Drivers and Your Salespeople Need to be Patient

Posted by Dave Kurlan on Thu, Nov 29, 2012 @ 22:11 PM

slow driverI was driving to a meeting when I became frustrated with the car in front of me.  The driver was traveling much too slowly and, despite the fact that I had plenty of time to get to my meeting, I could feel the developing anxiety.  As I thought about the irony of not being late, yet feeling anxious anyway, my thoughts turned to selling.

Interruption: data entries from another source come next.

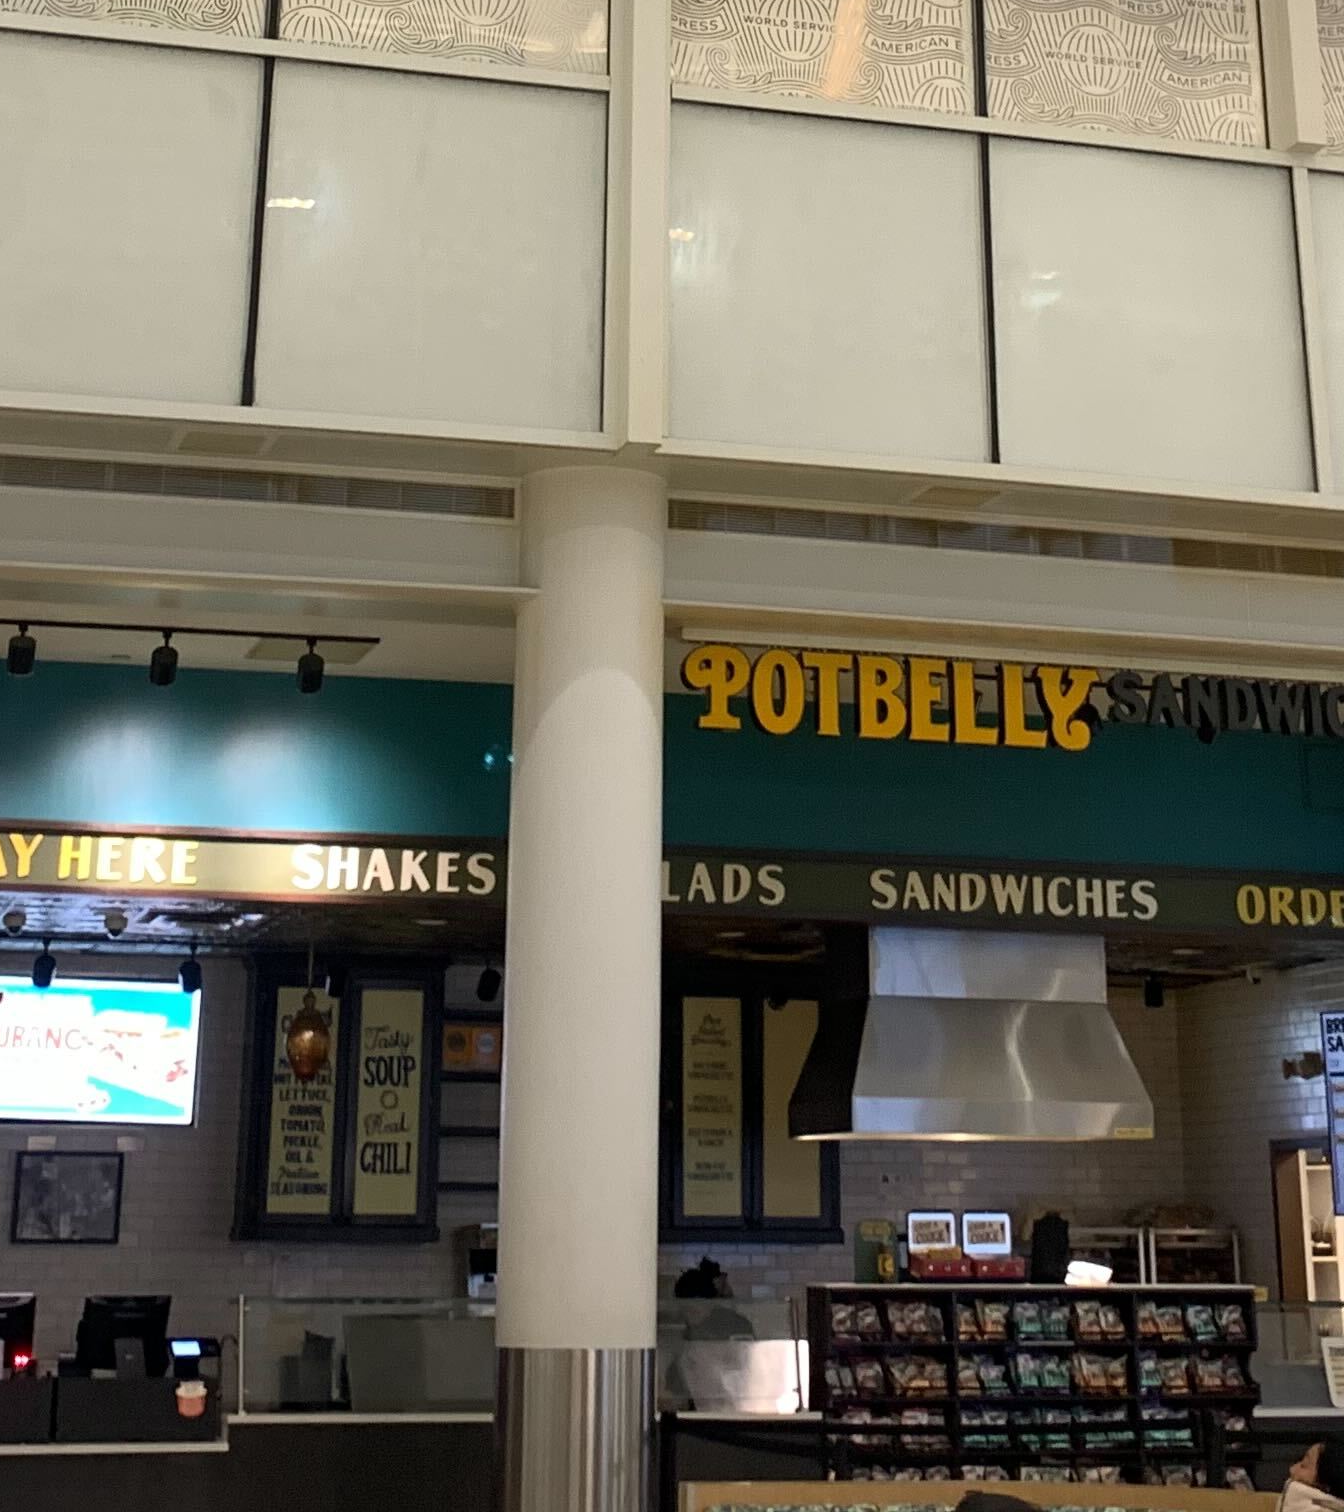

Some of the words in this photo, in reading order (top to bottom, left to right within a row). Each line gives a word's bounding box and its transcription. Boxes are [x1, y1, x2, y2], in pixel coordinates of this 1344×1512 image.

[743, 15, 789, 28] WORLD
[870, 38, 950, 53] AMERICAN
[1045, 50, 1088, 63] WORLD
[1092, 55, 1142, 70] SERVICE
[1167, 72, 1242, 87] AMERICAN
[682, 644, 1103, 752] POTBELLY
[57, 835, 200, 886] HERE
[290, 842, 497, 896] SHAKES
[662, 859, 786, 907] LADS
[869, 868, 1159, 922] SANDWICHES
[364, 1026, 414, 1056] Tasty
[363, 1056, 416, 1087] SOUP
[363, 1112, 410, 1136] Real
[360, 1142, 412, 1175] CHILI

In a sales call, no matter how slowly it may be going or how difficult a prospective client may be, I have the patience of a saint.  If I were to experience the same impatience because a meeting was moving too slowly, as I do with slow-moving traffic, I would rush to the end, leaving my potential client behind, and those meetings would end very poorly for me.  

In order to create urgency and accelerate the sales process, your salespeople actually must slow down their meetings.  Instead though, in much the same way that I rush to get to my next meeting, they rush to the presentation or demo.  To make matters worse, your prospects want your salespeople to present and conduct demos.  They want prices and proposals and your salespeople are too willing to oblige. 

When you and your salespeople begin to develop a better understanding of what consultative selling entails and the related business conversations that go with that approach, they often have the same urge to move the meeting along.  It's similar to when I'm trying to run to my next meeting.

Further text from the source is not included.